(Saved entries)
################

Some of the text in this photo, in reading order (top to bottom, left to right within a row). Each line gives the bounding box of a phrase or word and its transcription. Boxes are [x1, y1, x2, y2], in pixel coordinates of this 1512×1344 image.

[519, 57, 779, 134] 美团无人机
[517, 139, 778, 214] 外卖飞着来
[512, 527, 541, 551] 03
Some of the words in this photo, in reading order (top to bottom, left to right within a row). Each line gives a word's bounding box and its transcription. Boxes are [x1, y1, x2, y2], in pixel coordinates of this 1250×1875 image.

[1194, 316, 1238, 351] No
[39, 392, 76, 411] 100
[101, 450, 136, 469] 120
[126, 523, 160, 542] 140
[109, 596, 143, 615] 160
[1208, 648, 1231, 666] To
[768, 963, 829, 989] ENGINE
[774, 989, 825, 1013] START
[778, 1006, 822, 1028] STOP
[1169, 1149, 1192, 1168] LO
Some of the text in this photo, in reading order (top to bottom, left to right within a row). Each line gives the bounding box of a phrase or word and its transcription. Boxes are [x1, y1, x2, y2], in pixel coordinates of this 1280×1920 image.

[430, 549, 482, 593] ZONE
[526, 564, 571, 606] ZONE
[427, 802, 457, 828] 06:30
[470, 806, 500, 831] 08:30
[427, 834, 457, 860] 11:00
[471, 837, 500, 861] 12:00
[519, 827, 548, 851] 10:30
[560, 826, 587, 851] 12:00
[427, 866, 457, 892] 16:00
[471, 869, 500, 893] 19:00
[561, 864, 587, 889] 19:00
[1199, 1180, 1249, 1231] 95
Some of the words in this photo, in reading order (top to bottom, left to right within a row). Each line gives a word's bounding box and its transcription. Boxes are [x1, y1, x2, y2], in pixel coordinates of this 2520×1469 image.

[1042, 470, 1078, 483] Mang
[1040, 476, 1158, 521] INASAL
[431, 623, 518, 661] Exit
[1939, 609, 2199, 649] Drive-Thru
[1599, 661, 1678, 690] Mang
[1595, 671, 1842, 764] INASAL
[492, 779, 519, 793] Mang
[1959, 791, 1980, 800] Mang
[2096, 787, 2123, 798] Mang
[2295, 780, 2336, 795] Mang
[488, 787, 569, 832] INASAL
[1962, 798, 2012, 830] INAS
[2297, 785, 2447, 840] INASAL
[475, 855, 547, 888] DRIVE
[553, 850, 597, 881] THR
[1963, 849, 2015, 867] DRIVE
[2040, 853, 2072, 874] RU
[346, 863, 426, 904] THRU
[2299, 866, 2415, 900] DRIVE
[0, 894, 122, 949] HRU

################

Starting from the first line above, copy the data through to the last line exactly.

Some of the text in this photo, in reading order (top to bottom, left to right within a row). Each line gives the bounding box of a phrase or word and its transcription. Boxes are [x1, y1, x2, y2], in pixel coordinates of this 1512×1344 image.

[519, 57, 779, 134] 美团无人机
[517, 139, 778, 214] 外卖飞着来
[512, 527, 541, 551] 03
Some of the words in this photo, in reading order (top to bottom, left to right within a row). Each line gives a word's bounding box and its transcription. Boxes are [x1, y1, x2, y2], in pixel coordinates of this 1250×1875 image.

[1194, 316, 1238, 351] No
[39, 392, 76, 411] 100
[101, 450, 136, 469] 120
[126, 523, 160, 542] 140
[109, 596, 143, 615] 160
[1208, 648, 1231, 666] To
[768, 963, 829, 989] ENGINE
[774, 989, 825, 1013] START
[778, 1006, 822, 1028] STOP
[1169, 1149, 1192, 1168] LO
Some of the text in this photo, in reading order (top to bottom, left to right within a row). Each line gives the bounding box of a phrase or word and its transcription. Boxes are [x1, y1, x2, y2], in pixel coordinates of this 1280×1920 image.

[430, 549, 482, 593] ZONE
[526, 564, 571, 606] ZONE
[427, 802, 457, 828] 06:30
[470, 806, 500, 831] 08:30
[427, 834, 457, 860] 11:00
[471, 837, 500, 861] 12:00
[519, 827, 548, 851] 10:30
[560, 826, 587, 851] 12:00
[427, 866, 457, 892] 16:00
[471, 869, 500, 893] 19:00
[561, 864, 587, 889] 19:00
[1199, 1180, 1249, 1231] 95
Some of the words in this photo, in reading order (top to bottom, left to right within a row). Each line gives a word's bounding box and its transcription. Boxes are [x1, y1, x2, y2], in pixel coordinates of this 2520×1469 image.

[1042, 470, 1078, 483] Mang
[1040, 476, 1158, 521] INASAL
[431, 623, 518, 661] Exit
[1939, 609, 2199, 649] Drive-Thru
[1599, 661, 1678, 690] Mang
[1595, 671, 1842, 764] INASAL
[492, 779, 519, 793] Mang
[1959, 791, 1980, 800] Mang
[2096, 787, 2123, 798] Mang
[2295, 780, 2336, 795] Mang
[488, 787, 569, 832] INASAL
[1962, 798, 2012, 830] INAS
[2297, 785, 2447, 840] INASAL
[475, 855, 547, 888] DRIVE
[553, 850, 597, 881] THR
[1963, 849, 2015, 867] DRIVE
[2040, 853, 2072, 874] RU
[346, 863, 426, 904] THRU
[2299, 866, 2415, 900] DRIVE
[0, 894, 122, 949] HRU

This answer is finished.